> **Exercise prompt**:
Return the records that follow unaltered. Omit every picture.

○ ○ ○ ○ ○ ○ ○

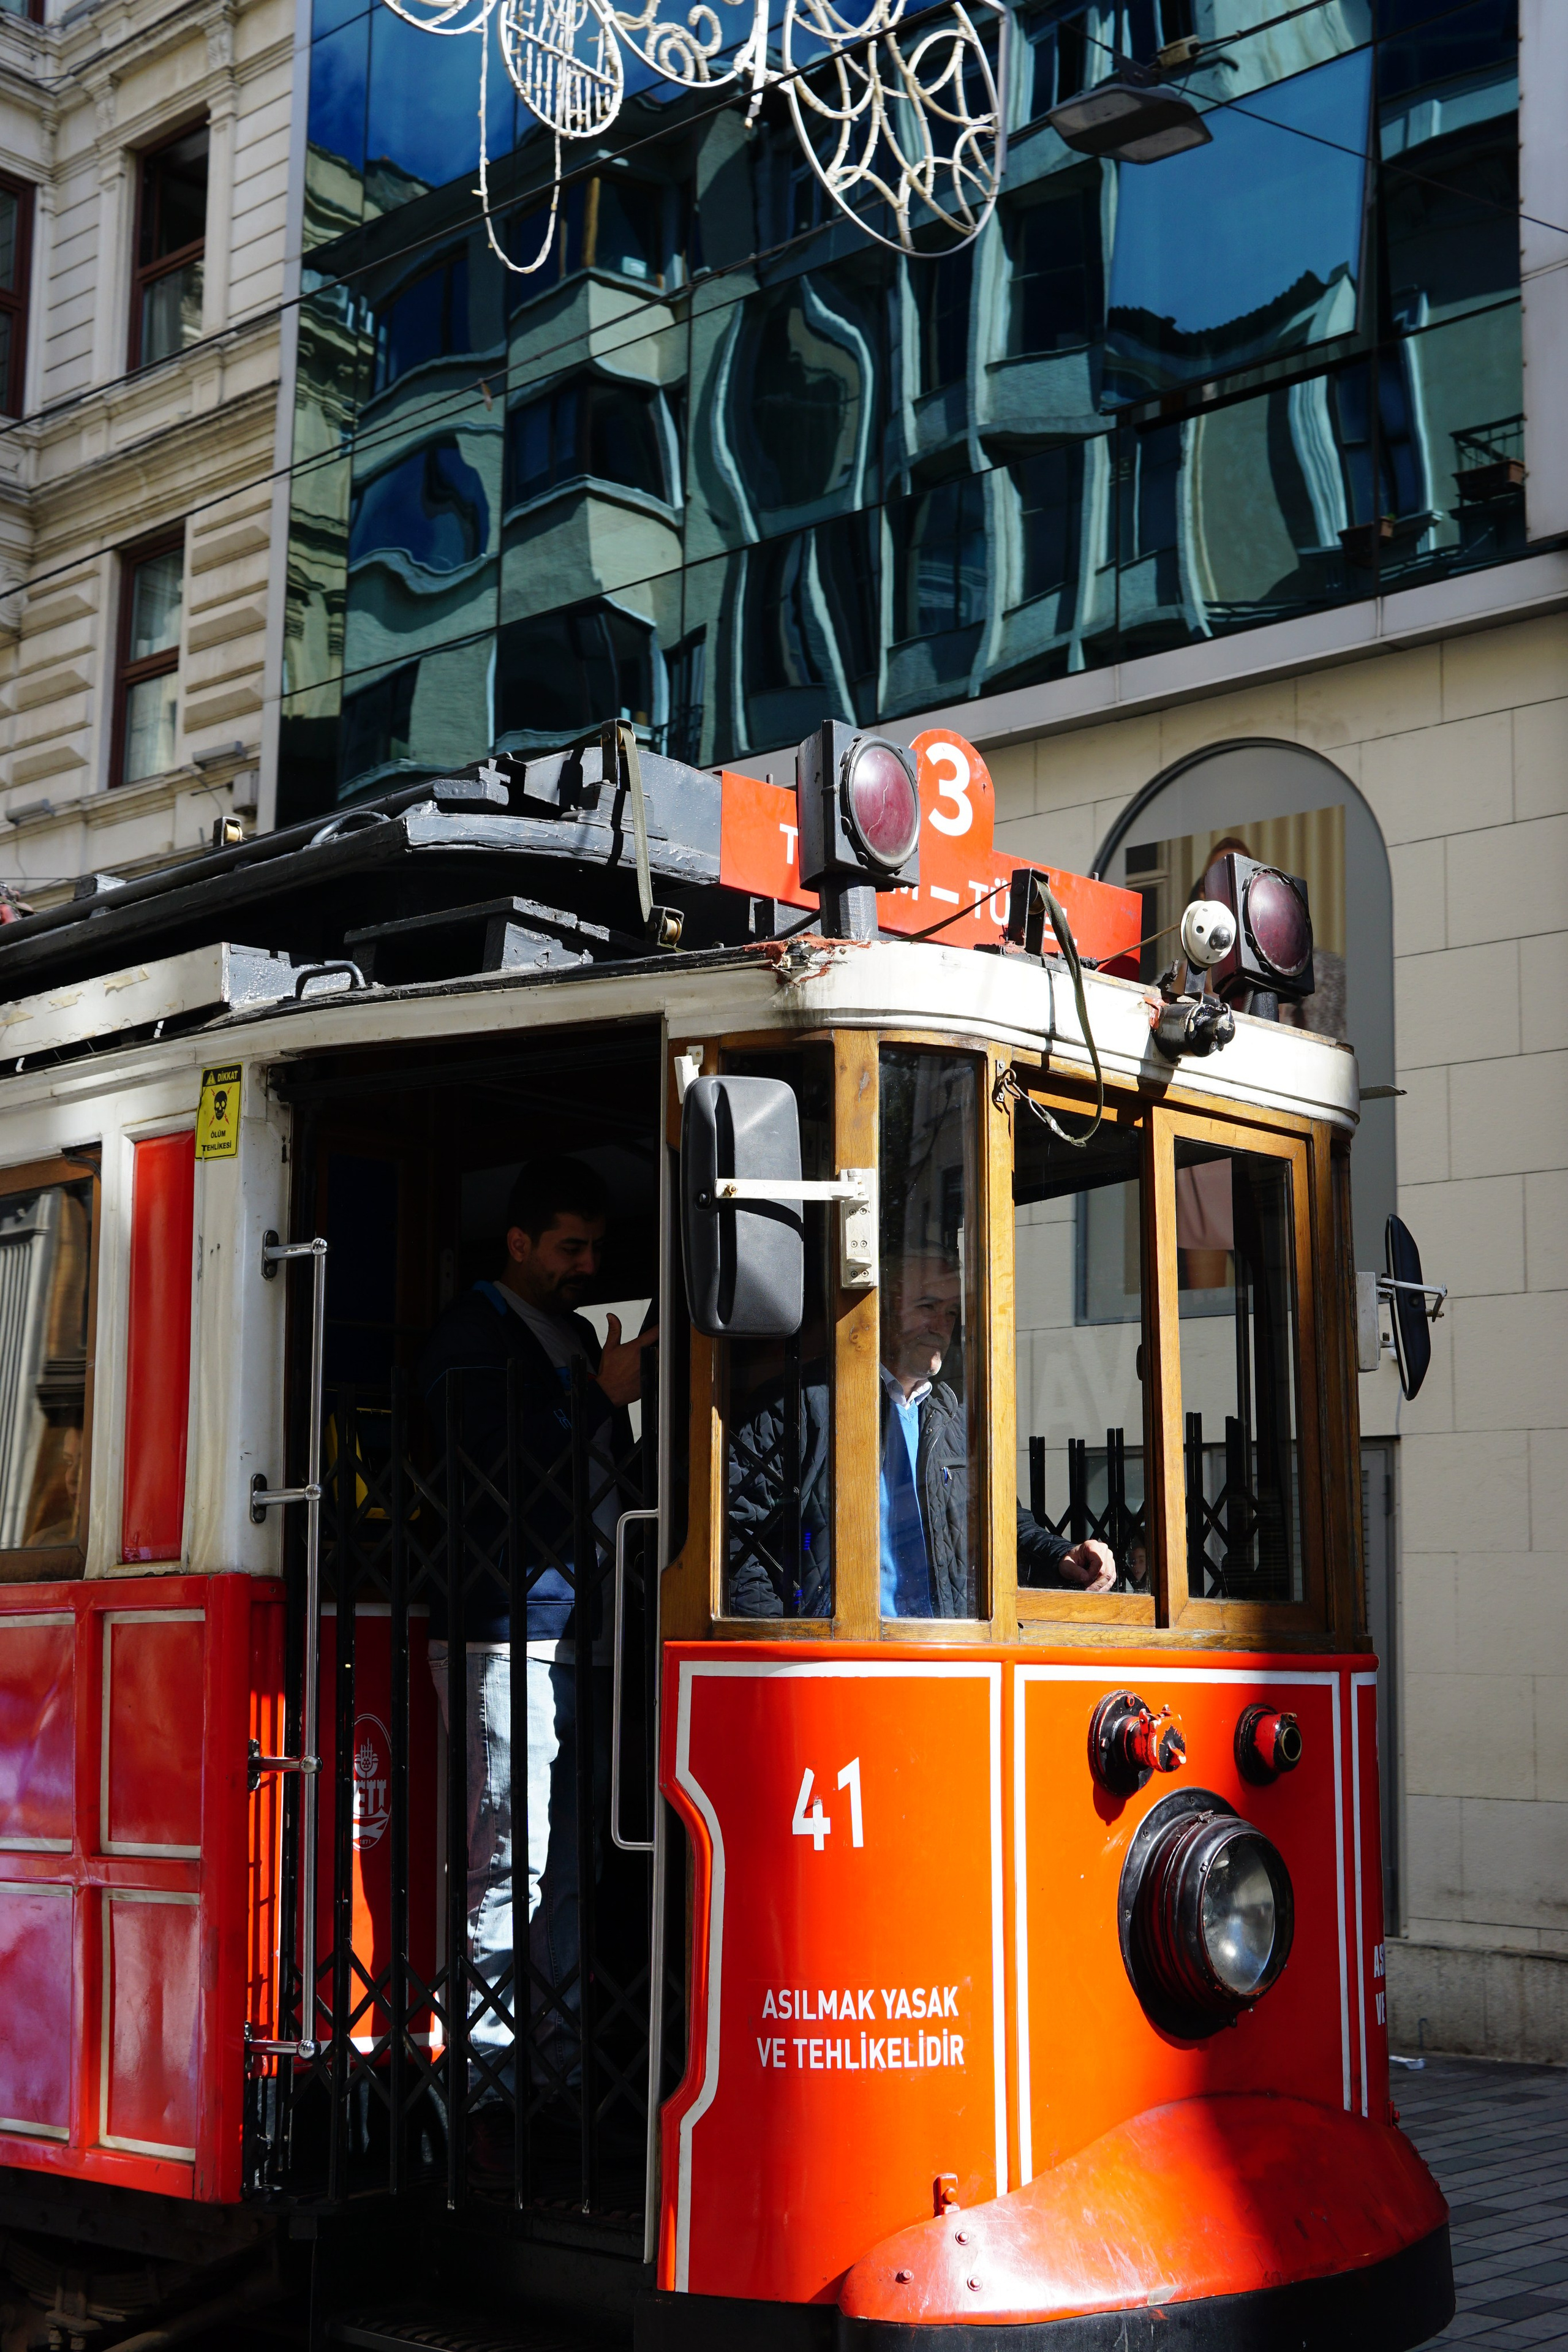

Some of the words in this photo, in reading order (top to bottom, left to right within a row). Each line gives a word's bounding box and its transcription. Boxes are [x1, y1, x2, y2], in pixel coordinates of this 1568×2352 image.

[925, 742, 973, 836] 3
[217, 1071, 238, 1082] DİKKAT
[202, 1140, 232, 1152] TEHLİKESİ
[211, 1130, 226, 1139] ÖLÜM
[353, 1779, 386, 1815] ETT
[792, 1757, 864, 1851] 41
[761, 1988, 876, 2020] ASILMAK
[881, 1986, 959, 2019] YASAK
[756, 2037, 786, 2068] VE
[793, 2028, 965, 2069] TEHLİKELİDİR
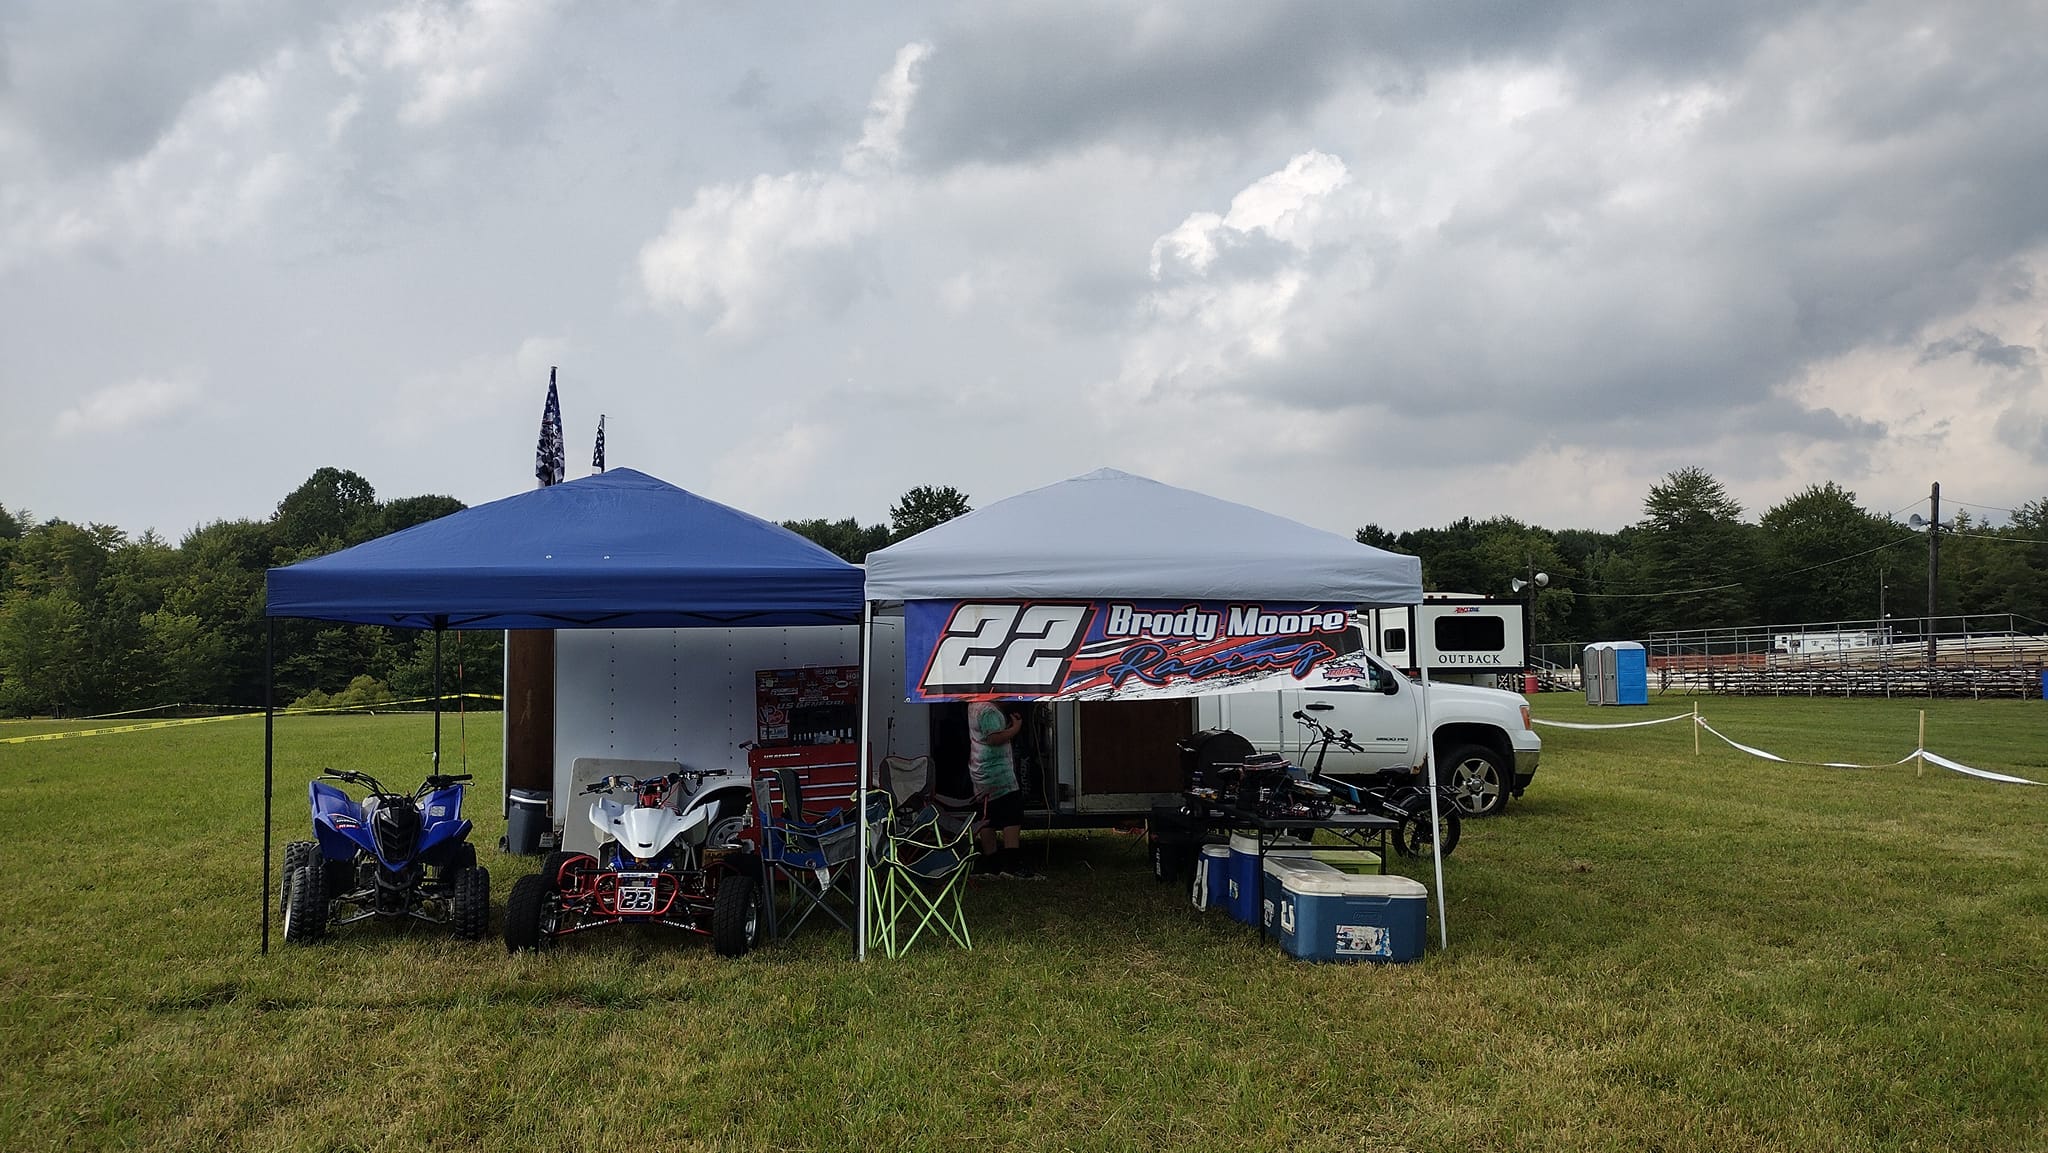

○ ○ ○ ○ ○ ○ ○

> **Your response**:
Some of the words in this photo, in reading order (top to bottom, left to right within a row). Each line gives a word's bounding box and its transcription. Boxes are [x1, y1, x2, y2], in pixel coordinates of this 1568×2352 image.

[925, 742, 973, 836] 3
[217, 1071, 238, 1082] DİKKAT
[202, 1140, 232, 1152] TEHLİKESİ
[211, 1130, 226, 1139] ÖLÜM
[353, 1779, 386, 1815] ETT
[792, 1757, 864, 1851] 41
[761, 1988, 876, 2020] ASILMAK
[881, 1986, 959, 2019] YASAK
[756, 2037, 786, 2068] VE
[793, 2028, 965, 2069] TEHLİKELİDİR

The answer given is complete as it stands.